:: Image-backed grounding data ::
Content starts

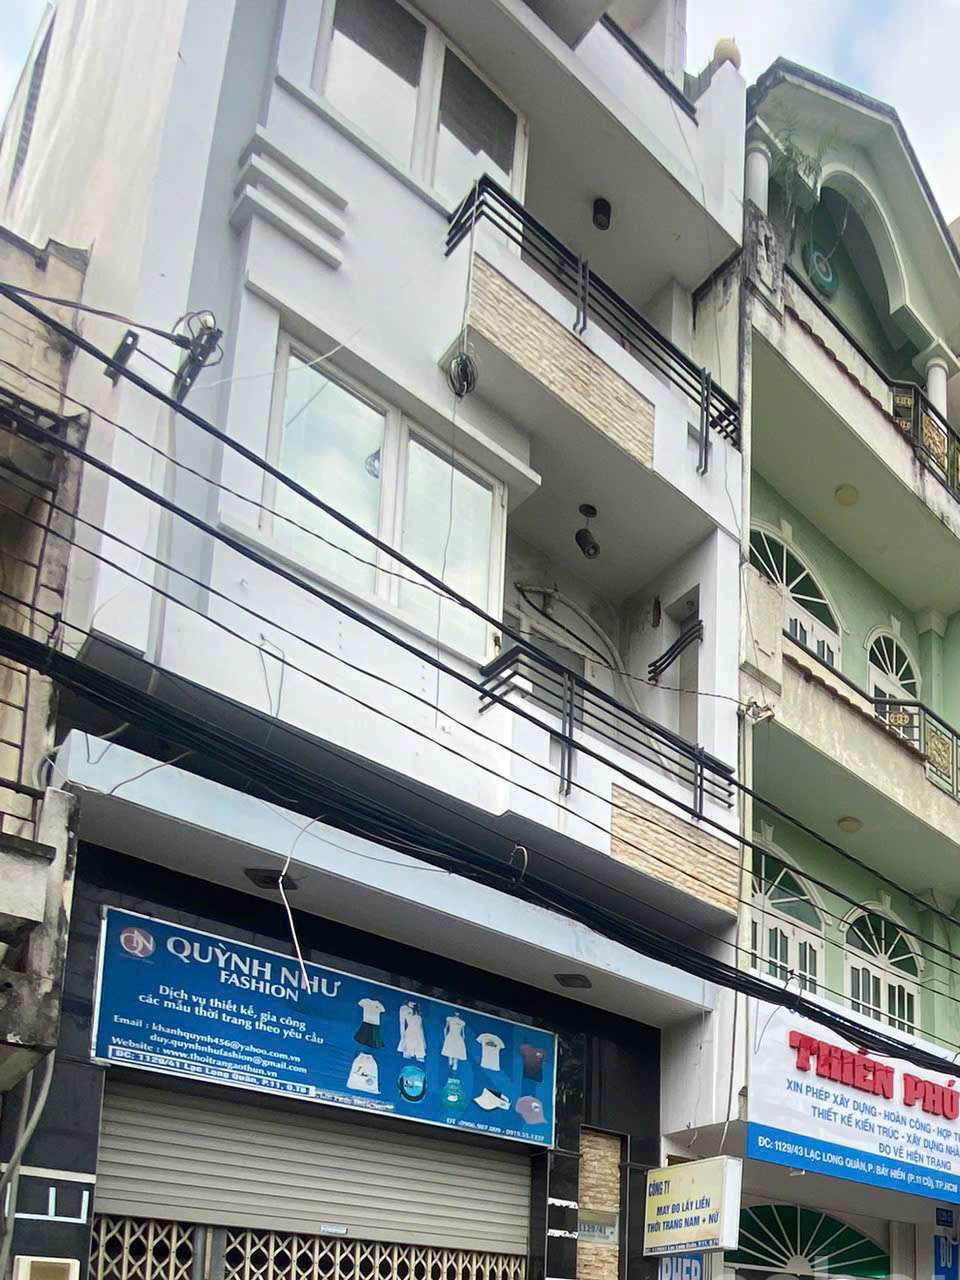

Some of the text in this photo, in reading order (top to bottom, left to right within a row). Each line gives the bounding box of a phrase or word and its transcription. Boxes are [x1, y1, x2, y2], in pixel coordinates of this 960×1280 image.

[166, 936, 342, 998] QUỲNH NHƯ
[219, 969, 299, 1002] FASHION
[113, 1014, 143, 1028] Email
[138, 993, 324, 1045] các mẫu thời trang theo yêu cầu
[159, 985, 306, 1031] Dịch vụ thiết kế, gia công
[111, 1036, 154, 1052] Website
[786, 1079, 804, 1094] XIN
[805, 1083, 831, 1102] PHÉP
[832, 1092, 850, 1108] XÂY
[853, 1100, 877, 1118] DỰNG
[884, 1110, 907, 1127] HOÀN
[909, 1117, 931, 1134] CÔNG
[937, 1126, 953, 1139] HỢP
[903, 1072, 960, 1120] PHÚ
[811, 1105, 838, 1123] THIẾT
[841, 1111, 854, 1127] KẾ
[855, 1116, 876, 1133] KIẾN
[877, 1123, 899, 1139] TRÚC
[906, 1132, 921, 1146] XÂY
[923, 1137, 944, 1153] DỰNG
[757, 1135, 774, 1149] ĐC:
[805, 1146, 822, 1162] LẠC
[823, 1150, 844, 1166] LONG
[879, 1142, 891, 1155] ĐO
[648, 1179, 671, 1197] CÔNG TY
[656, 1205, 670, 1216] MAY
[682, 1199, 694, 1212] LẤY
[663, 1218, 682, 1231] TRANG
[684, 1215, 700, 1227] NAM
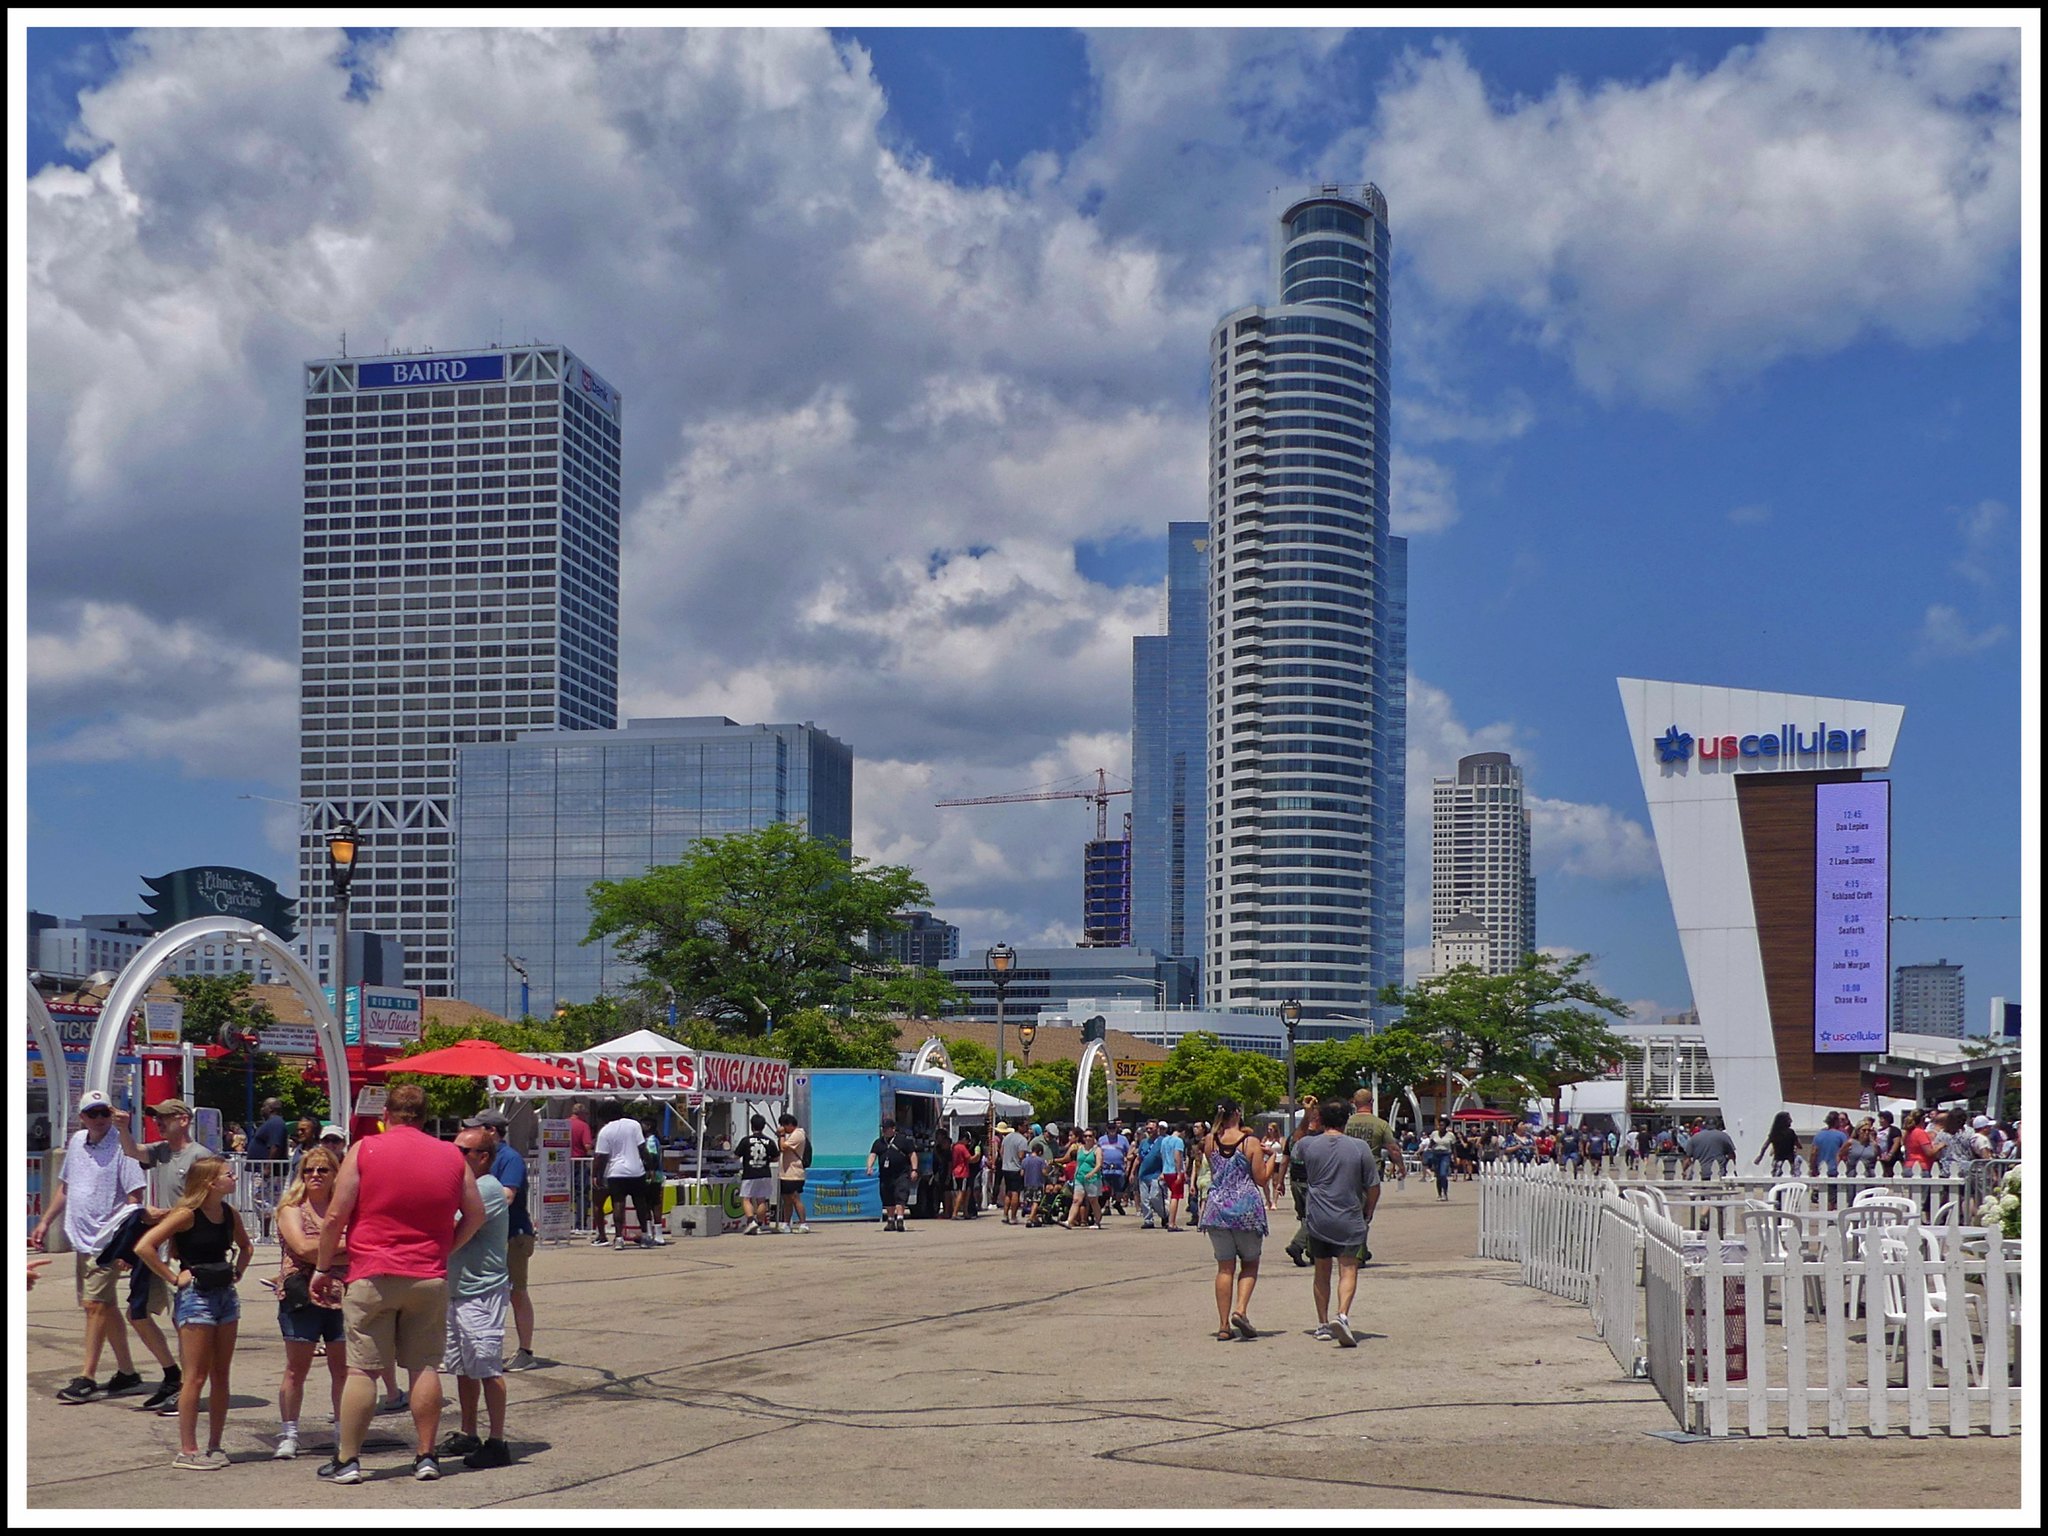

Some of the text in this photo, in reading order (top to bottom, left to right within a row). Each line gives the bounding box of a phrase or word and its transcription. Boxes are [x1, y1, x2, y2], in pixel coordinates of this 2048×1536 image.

Content ends

Print out the entries once more, unchanged. No pictures.

Some of the text in this photo, in reading order (top to bottom, left to right within a row). Each line gives the bounding box of a phrase or word and its transcription. Boxes are [x1, y1, x2, y2], in pixel coordinates of this 960×1280 image.

[166, 936, 342, 998] QUỲNH NHƯ
[219, 969, 299, 1002] FASHION
[113, 1014, 143, 1028] Email
[138, 993, 324, 1045] các mẫu thời trang theo yêu cầu
[159, 985, 306, 1031] Dịch vụ thiết kế, gia công
[111, 1036, 154, 1052] Website
[786, 1079, 804, 1094] XIN
[805, 1083, 831, 1102] PHÉP
[832, 1092, 850, 1108] XÂY
[853, 1100, 877, 1118] DỰNG
[884, 1110, 907, 1127] HOÀN
[909, 1117, 931, 1134] CÔNG
[937, 1126, 953, 1139] HỢP
[903, 1072, 960, 1120] PHÚ
[811, 1105, 838, 1123] THIẾT
[841, 1111, 854, 1127] KẾ
[855, 1116, 876, 1133] KIẾN
[877, 1123, 899, 1139] TRÚC
[906, 1132, 921, 1146] XÂY
[923, 1137, 944, 1153] DỰNG
[757, 1135, 774, 1149] ĐC:
[805, 1146, 822, 1162] LẠC
[823, 1150, 844, 1166] LONG
[879, 1142, 891, 1155] ĐO
[648, 1179, 671, 1197] CÔNG TY
[656, 1205, 670, 1216] MAY
[682, 1199, 694, 1212] LẤY
[663, 1218, 682, 1231] TRANG
[684, 1215, 700, 1227] NAM

Some of the text in this photo, in reading order (top to bottom, left to right within a row). Each line gives the bounding box of a phrase or word and its transcription. Boxes are [x1, y1, x2, y2], in pixel coordinates of this 2048×1536 image.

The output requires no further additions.